Also, Denver and D.C. will pay a basic income to unhoused people.

The Colorado State Capitol Building in Denver. (Photo by Hustved / CC BY-SA 3.0)

Colorado Ballot Initiative Could Change How Affordable Housing Is Funded

This November, Colorado residents will vote on a ballot referendum that would direct a small portion of state income tax to new affordable housing, The Journal Record reports. Proposition 123 would set aside 0.1% of the state’s income tax revenue to local governments with the goal of increasing affordable housing stock by 3% in each jurisdiction. It would also go to programs to help teachers, nurses and other workers secure their first home and fund eviction defense and rent supplements, The Denver Post reports. The campaign estimates the proposition would set aside $300 million a year and could lead to 170,000 new units over 20 years. That falls short of current needs – according to census data, the state had a deficit of 93,000 to 216,000 units in 2020 - but it could establish a model for funding housing going forward.

Remarkably, the proposal would finance affordable housing projects in a way that shares revenue with tenants. The Denver Post reports that instead of using investment banks to lend money to developers, Prop 123 would rely on the Colorado Housing and Finance Authority, which would require a lower rate of return. A portion of profits would then be redirected to renters in a savings account.

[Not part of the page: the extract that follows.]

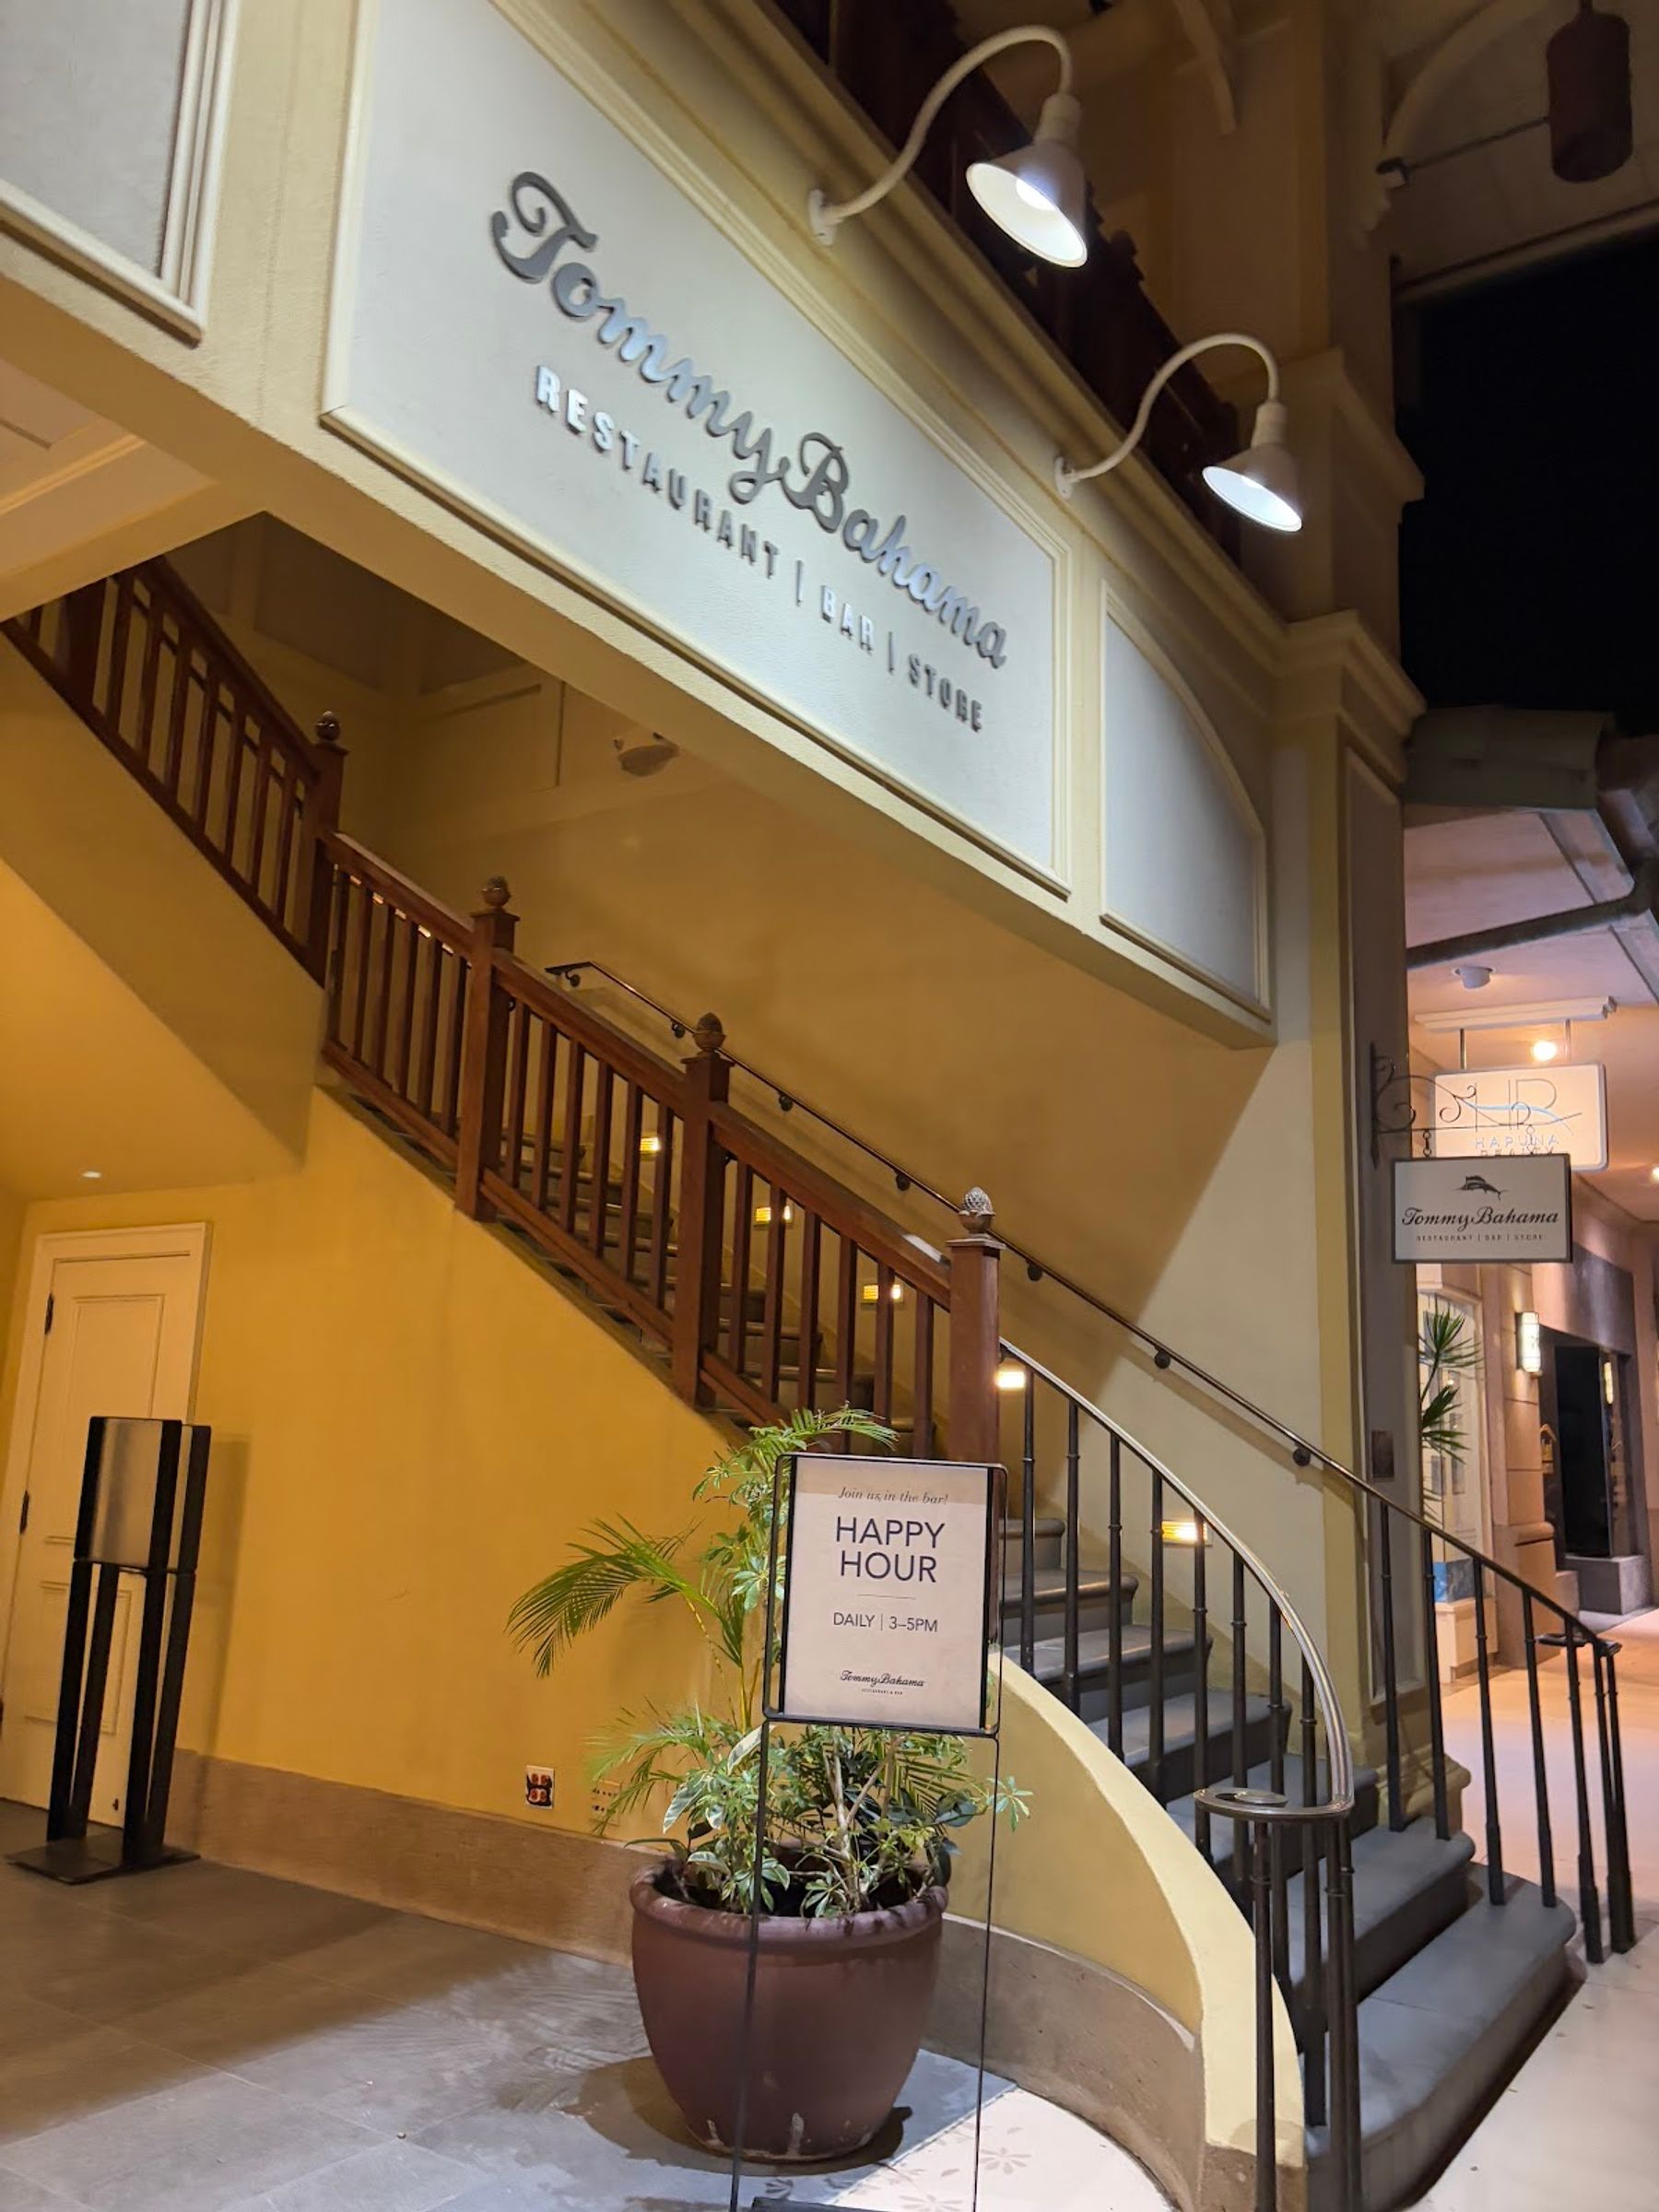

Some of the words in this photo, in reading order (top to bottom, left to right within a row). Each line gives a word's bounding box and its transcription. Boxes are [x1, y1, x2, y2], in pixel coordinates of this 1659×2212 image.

Private lenders are hesitant to finance new buildings that won’t provide a high rate of return, viewing them as too risky. Private developers often argue that without a high percentage of market rate units to cross-subsidize affordable units, their projects would not get financing. Prop 123 suggests that the state not just finance affordable housing but take over the lending process, diverting profits to tenants, who typically pay rent for years without any kind of equity.

While the proposal is popular (an ACLU poll found 77% of respondents supported the initiative), it would still require opt-in from local governments whose residents may be dissuaded by some aspects. The proposal requires that affordable housing projects be approved within 90 days, The Denver Post reports. That requirement is meant to speed up an approval process which is often hampered by red tape and NIMBYism.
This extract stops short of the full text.